Bayesian Methods in Code
Five problems that implement Bayesian inference from scratch. You will build a general-purpose Bayesian inference engine, conjugate models, a Naive Bayes classifier, Bayesian A/B testing, and Thompson sampling for multi-armed bandits. These are asked at quant firms, tech companies, and anywhere decisions are made under uncertainty.
Problem 1: Bayesian Inference Engine
Problem: Implement a discrete Bayesian inference engine that updates a prior distribution with observed evidence using Bayes' theorem. This is the core computation that all Bayesian methods build upon.
import math
# ---- CHALLENGE ----
def bayesian_update(prior, likelihood, evidence):
"""Update prior with evidence using Bayes' theorem.
prior: dict mapping hypothesis -> P(hypothesis)
likelihood: dict mapping hypothesis -> P(evidence | hypothesis)
Return: posterior dict mapping hypothesis -> P(hypothesis | evidence)
"""
pass
# ---- SOLUTION ----
def bayesian_update(prior, likelihood):
"""Discrete Bayesian inference.
Bayes' Theorem: P(H|E) = P(E|H) * P(H) / P(E)
where P(E) = sum over all hypotheses H_i of P(E|H_i) * P(H_i)
Steps:
1. Compute unnormalized posterior: P(E|H) * P(H) for each H
2. Compute evidence (normalizing constant): sum of unnormalized posteriors
3. Normalize: P(H|E) = unnormalized / evidence
"""
# Step 1: Unnormalized posterior
unnormalized = {}
for hypothesis in prior:
unnormalized[hypothesis] = prior[hypothesis] * likelihood[hypothesis]
# Step 2: Evidence (normalizing constant)
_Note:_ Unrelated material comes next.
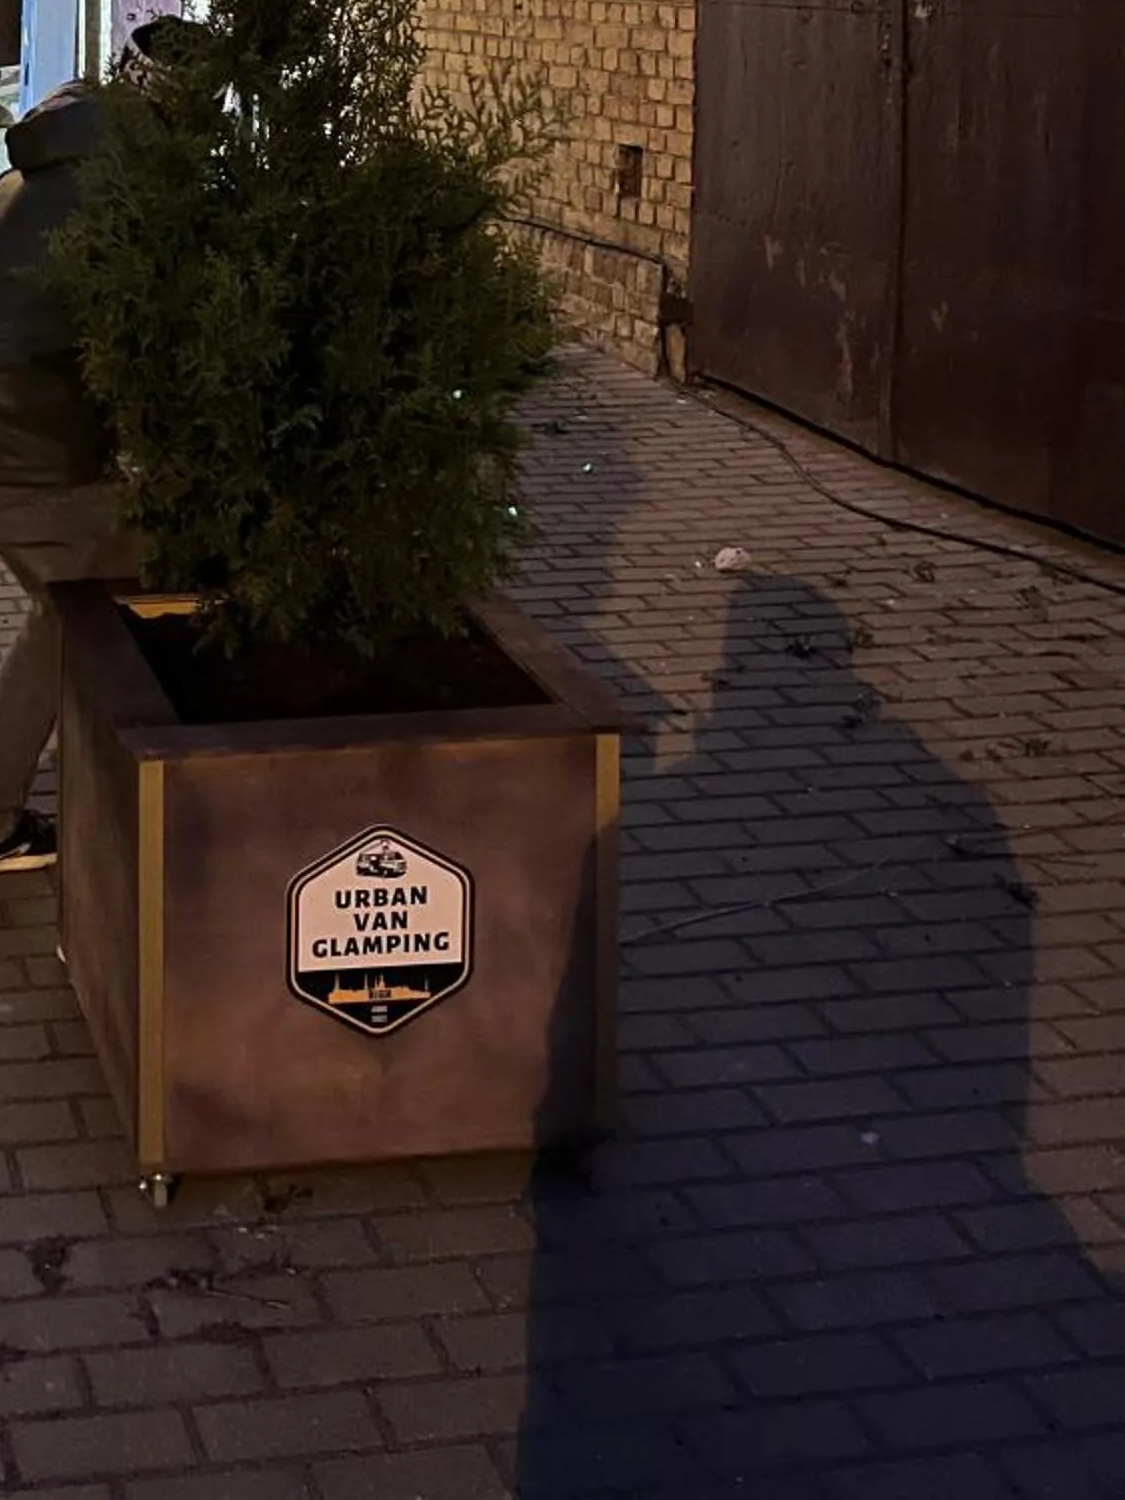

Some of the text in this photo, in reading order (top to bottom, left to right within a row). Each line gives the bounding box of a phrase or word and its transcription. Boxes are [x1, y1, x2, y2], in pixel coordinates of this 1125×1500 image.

[336, 886, 427, 908] URBAN
[354, 911, 408, 931] VAN
[312, 932, 450, 958] GLAMPING
evidence = sum(unnormalized.values())
if evidence == 0:
raise ValueError("Evidence is zero - impossible observation given the model")
# Step 3: Normalize
posterior = {h: p / evidence for h, p in unnormalized.items()}
return posterior
def sequential_bayesian_update(prior, observations, likelihood_func):
"""Apply Bayes' theorem sequentially for multiple observations.
The posterior after each observation becomes the prior for the next.
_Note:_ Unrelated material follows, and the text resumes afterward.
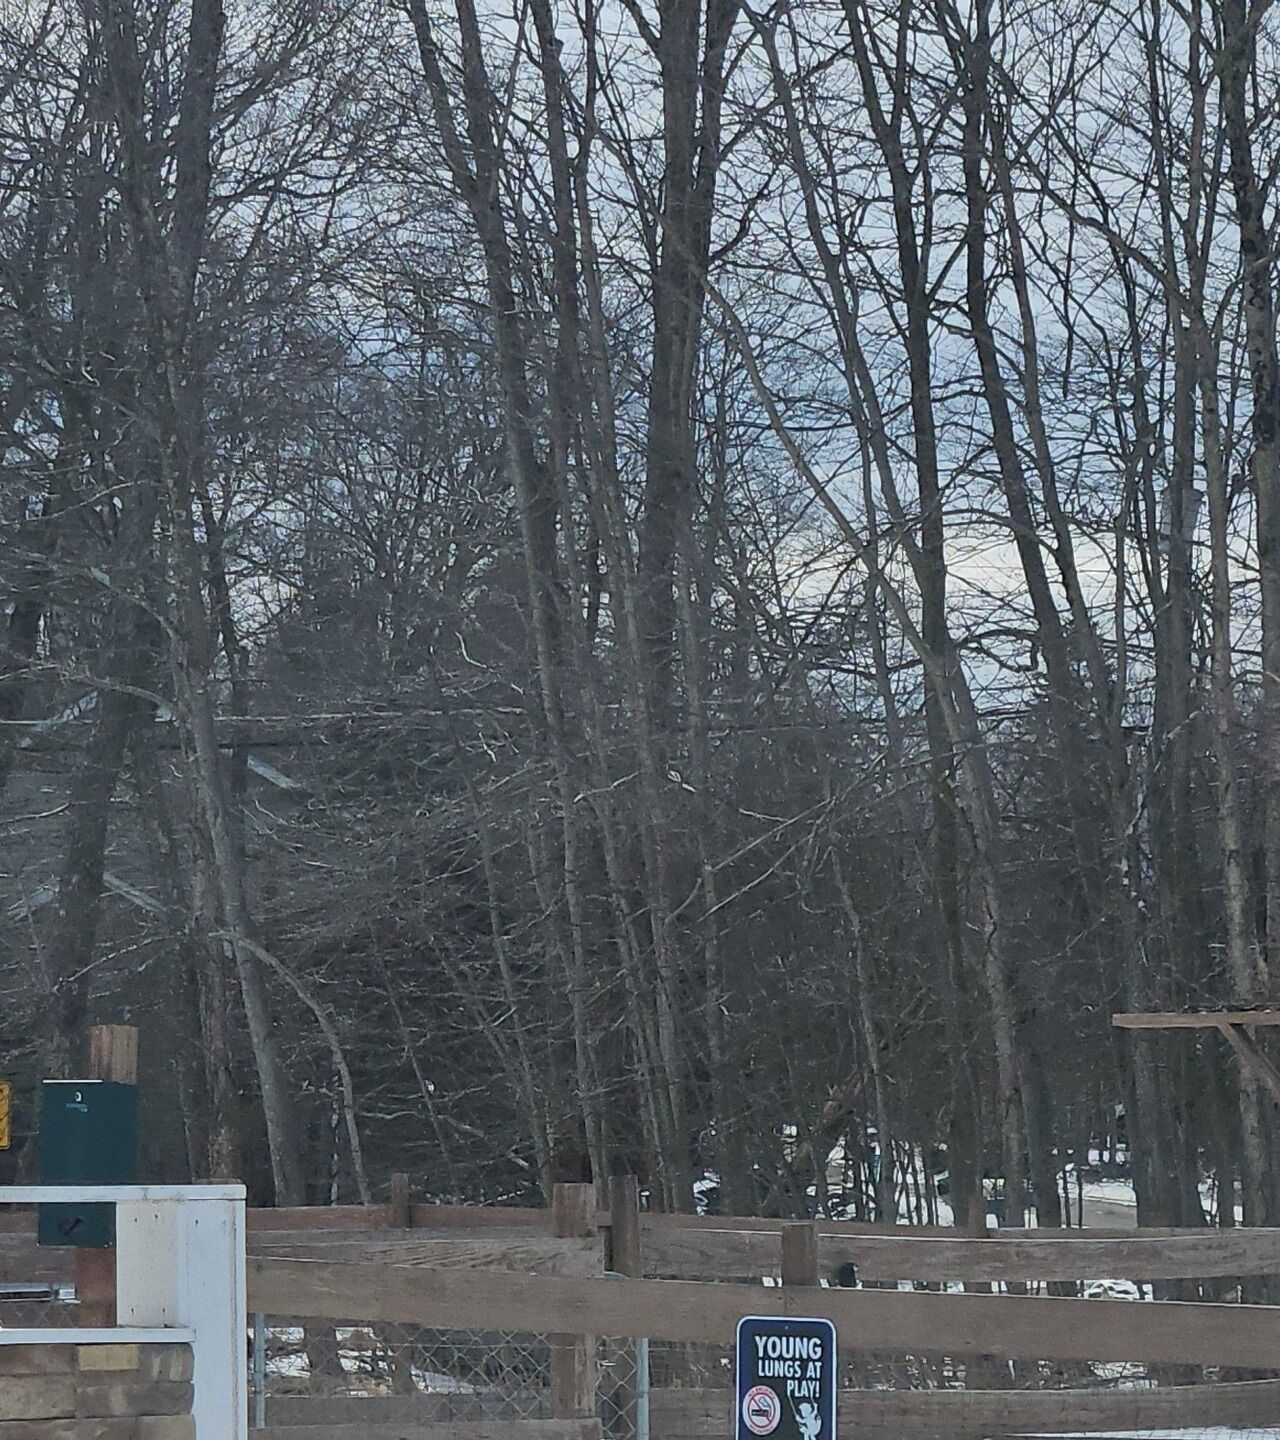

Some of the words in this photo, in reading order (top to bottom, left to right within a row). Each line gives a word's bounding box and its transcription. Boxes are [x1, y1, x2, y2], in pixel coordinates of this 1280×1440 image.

[754, 1335, 822, 1359] YOUNG
[758, 1359, 802, 1378] LUNGS
[806, 1361, 822, 1379] AT
[787, 1379, 820, 1398] PLAY!
This is the power of Bayesian updating: O(n) computation, no need to
reprocess all data.
"""
current_prior = dict(prior)
for obs in observations:
likelihood = {h: likelihood_func(h, obs) for h in current_prior}
current_prior = bayesian_update(current_prior, likelihood)
return current_prior
# ---- VERIFICATION ----
# Classic example: disease testing
# P(disease) = 0.01, P(no disease) = 0.99
# Test sensitivity: P(positive | disease) = 0.95
# Test specificity: P(negative | no disease) = 0.90 -> P(positive | no disease) = 0.10
prior = {"disease": 0.01, "healthy": 0.99}
likelihood_positive = {"disease": 0.95, "healthy": 0.10}
posterior = bayesian_update(prior, likelihood_positive)
# P(disease | positive test) should be ~8.8% (NOT 95%!)
assert abs(posterior["disease"] - 0.0876) < 0.001
assert abs(posterior["healthy"] - 0.9124) < 0.001
assert abs(sum(posterior.values()) - 1.0) < 1e-10
# Sequential: two positive tests
def test_likelihood(hypothesis, result):
if result == "positive":
return 0.95 if hypothesis == "disease" else 0.10
else:
return 0.05 if hypothesis == "disease" else 0.90
posterior_2 = sequential_bayesian_update(prior, ["positive", "positive"], test_likelihood)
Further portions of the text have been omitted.